Over the past year, European Union student loan debt grew 17.5 percent, rising by £15m total, and government-sponsored loans are now approximately four times higher than just five years ago, according to The Telegraph. To make matters worse, those numbers are expected to grow in the near future, particularly as tuition prices continue rising.
For graduate students, the problem is even more strenuous. According to an article by The Guardian, average tuition prices for graduate school climbed from £4,989 during the 2010-11 academic year to £6,184 in 2011-12. These increases are causing U.K. residents to become hesitant about attending grad school.
"If demand suffers because graduates feel unable to take on more debt, it won't just be university finances that suffer, but the U.K. economy," Bahram Bekhradnia, director of the Higher Education Policy Institute, recently told the news source.
Graduates struggling to secure loans
To compound the issue further, college and graduate students are finding that taking on debt is preventing them from securing loans once they're done with school.

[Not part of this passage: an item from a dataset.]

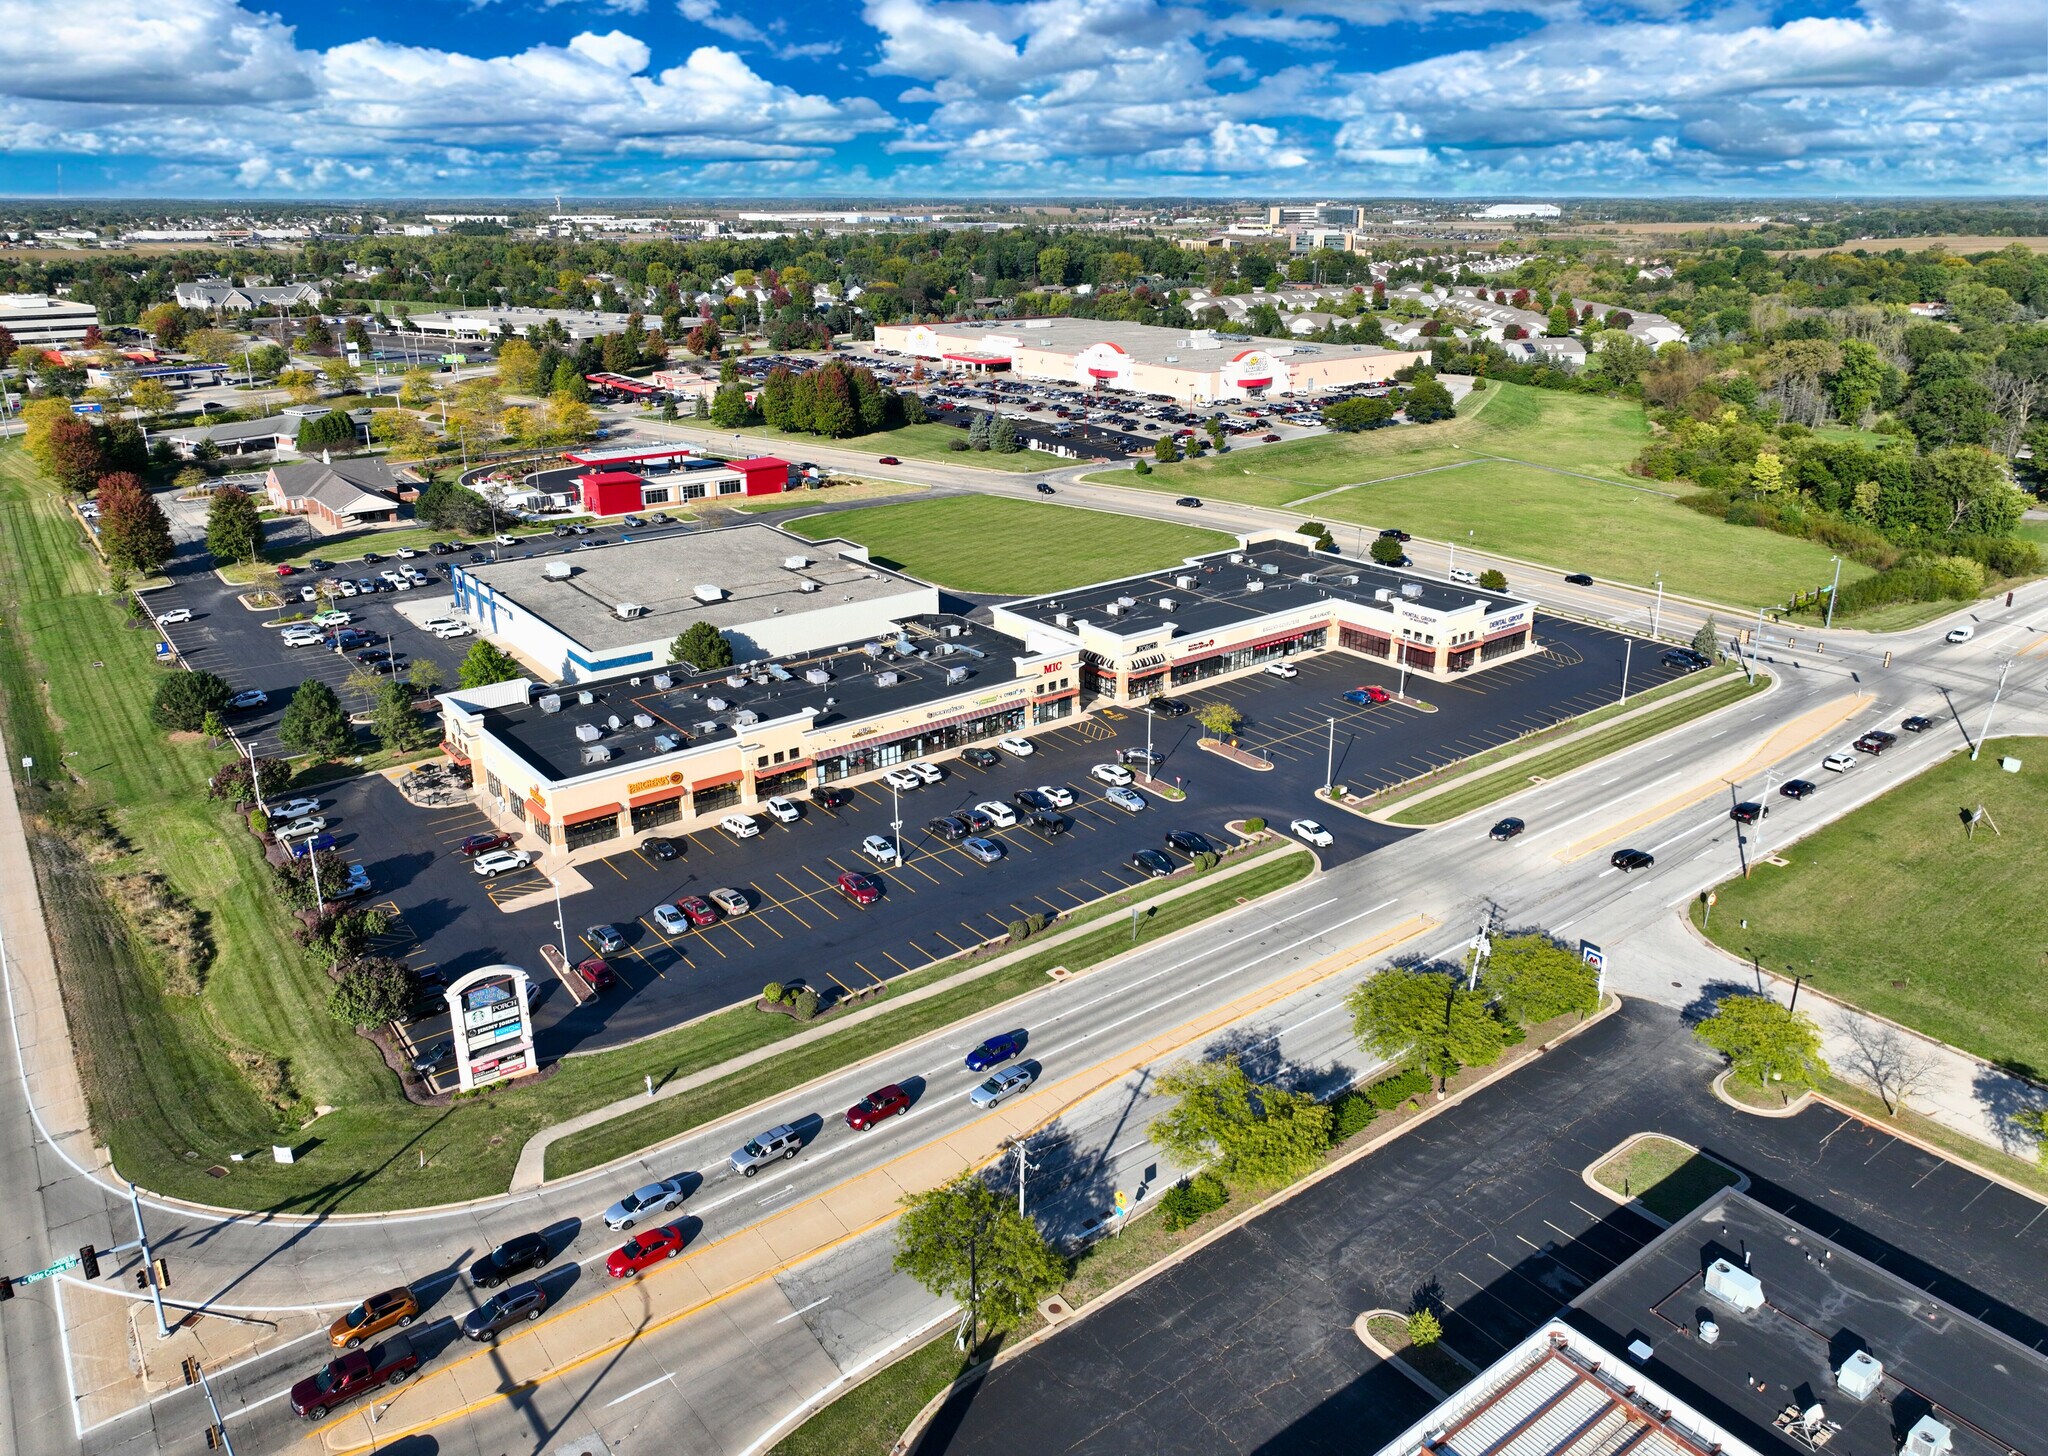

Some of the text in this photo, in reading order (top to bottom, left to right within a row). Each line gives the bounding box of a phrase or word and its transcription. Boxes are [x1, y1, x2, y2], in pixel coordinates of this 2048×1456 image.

"Consumers who have [a balance of zero] on collections and no other negative information on their credit reports should see their VantageScore's increase significantly," John Ulzheimer, president of consumer education for SmartCredit.com, recently told CNN Money.
Banks and financial services firms continue turning away members with subprime or even no credit, posing a major obstacle for recent graduates.
In the United States, alternative credit methods have filled the funding gap extremely well. Many alternative lenders use different scoring methods, such as Payment Reporting Builds Credit, to determine whether someone is eligible for loans.
One such technique, CNN Money reported, won't factor traditional credit ratings into the equation, using factors like utility and public records instead. This could open up funding for millions of people, according to the news source.